• Task item:
Every entry must appear in the answer exactly as written.

• Provided data:

Segment Open

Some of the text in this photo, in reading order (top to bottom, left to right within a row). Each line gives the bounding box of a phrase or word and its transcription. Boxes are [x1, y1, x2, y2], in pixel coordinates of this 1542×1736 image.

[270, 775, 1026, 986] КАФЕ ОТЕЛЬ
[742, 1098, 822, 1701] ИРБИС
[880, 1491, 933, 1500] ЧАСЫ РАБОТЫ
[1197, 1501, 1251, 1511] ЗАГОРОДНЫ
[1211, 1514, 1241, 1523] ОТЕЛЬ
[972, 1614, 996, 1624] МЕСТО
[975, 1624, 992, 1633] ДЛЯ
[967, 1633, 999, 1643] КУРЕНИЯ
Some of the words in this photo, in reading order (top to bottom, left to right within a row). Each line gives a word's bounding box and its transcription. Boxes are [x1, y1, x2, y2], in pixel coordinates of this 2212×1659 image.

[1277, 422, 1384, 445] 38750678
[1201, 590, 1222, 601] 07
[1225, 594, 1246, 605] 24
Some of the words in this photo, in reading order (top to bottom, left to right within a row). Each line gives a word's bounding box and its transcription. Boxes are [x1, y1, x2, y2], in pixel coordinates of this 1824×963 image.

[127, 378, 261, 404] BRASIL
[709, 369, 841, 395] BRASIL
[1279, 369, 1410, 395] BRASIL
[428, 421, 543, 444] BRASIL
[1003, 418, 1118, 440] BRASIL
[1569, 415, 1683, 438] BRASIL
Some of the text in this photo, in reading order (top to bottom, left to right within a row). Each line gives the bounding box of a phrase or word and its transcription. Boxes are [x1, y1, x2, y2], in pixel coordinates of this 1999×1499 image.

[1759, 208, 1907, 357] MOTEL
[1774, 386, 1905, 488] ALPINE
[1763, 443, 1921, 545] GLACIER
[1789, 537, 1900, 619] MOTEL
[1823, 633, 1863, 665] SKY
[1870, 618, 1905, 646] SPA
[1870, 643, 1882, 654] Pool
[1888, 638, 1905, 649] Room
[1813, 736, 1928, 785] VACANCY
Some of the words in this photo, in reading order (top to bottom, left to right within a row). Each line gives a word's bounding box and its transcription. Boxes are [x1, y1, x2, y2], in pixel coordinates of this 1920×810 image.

Segment Closed

• Task response:
Some of the text in this photo, in reading order (top to bottom, left to right within a row). Each line gives the bounding box of a phrase or word and its transcription. Boxes are [x1, y1, x2, y2], in pixel coordinates of this 1542×1736 image.

[270, 775, 1026, 986] КАФЕ ОТЕЛЬ
[742, 1098, 822, 1701] ИРБИС
[880, 1491, 933, 1500] ЧАСЫ РАБОТЫ
[1197, 1501, 1251, 1511] ЗАГОРОДНЫ
[1211, 1514, 1241, 1523] ОТЕЛЬ
[972, 1614, 996, 1624] МЕСТО
[975, 1624, 992, 1633] ДЛЯ
[967, 1633, 999, 1643] КУРЕНИЯ
Some of the words in this photo, in reading order (top to bottom, left to right within a row). Each line gives a word's bounding box and its transcription. Boxes are [x1, y1, x2, y2], in pixel coordinates of this 2212×1659 image.

[1277, 422, 1384, 445] 38750678
[1201, 590, 1222, 601] 07
[1225, 594, 1246, 605] 24
Some of the words in this photo, in reading order (top to bottom, left to right within a row). Each line gives a word's bounding box and its transcription. Boxes are [x1, y1, x2, y2], in pixel coordinates of this 1824×963 image.

[127, 378, 261, 404] BRASIL
[709, 369, 841, 395] BRASIL
[1279, 369, 1410, 395] BRASIL
[428, 421, 543, 444] BRASIL
[1003, 418, 1118, 440] BRASIL
[1569, 415, 1683, 438] BRASIL
Some of the text in this photo, in reading order (top to bottom, left to right within a row). Each line gives the bounding box of a phrase or word and its transcription. Boxes are [x1, y1, x2, y2], in pixel coordinates of this 1999×1499 image.

[1759, 208, 1907, 357] MOTEL
[1774, 386, 1905, 488] ALPINE
[1763, 443, 1921, 545] GLACIER
[1789, 537, 1900, 619] MOTEL
[1823, 633, 1863, 665] SKY
[1870, 618, 1905, 646] SPA
[1870, 643, 1882, 654] Pool
[1888, 638, 1905, 649] Room
[1813, 736, 1928, 785] VACANCY
Some of the words in this photo, in reading order (top to bottom, left to right within a row). Each line gives a word's bounding box and its transcription. Boxes are [x1, y1, x2, y2], in pixel coordinates of this 1920×810 image.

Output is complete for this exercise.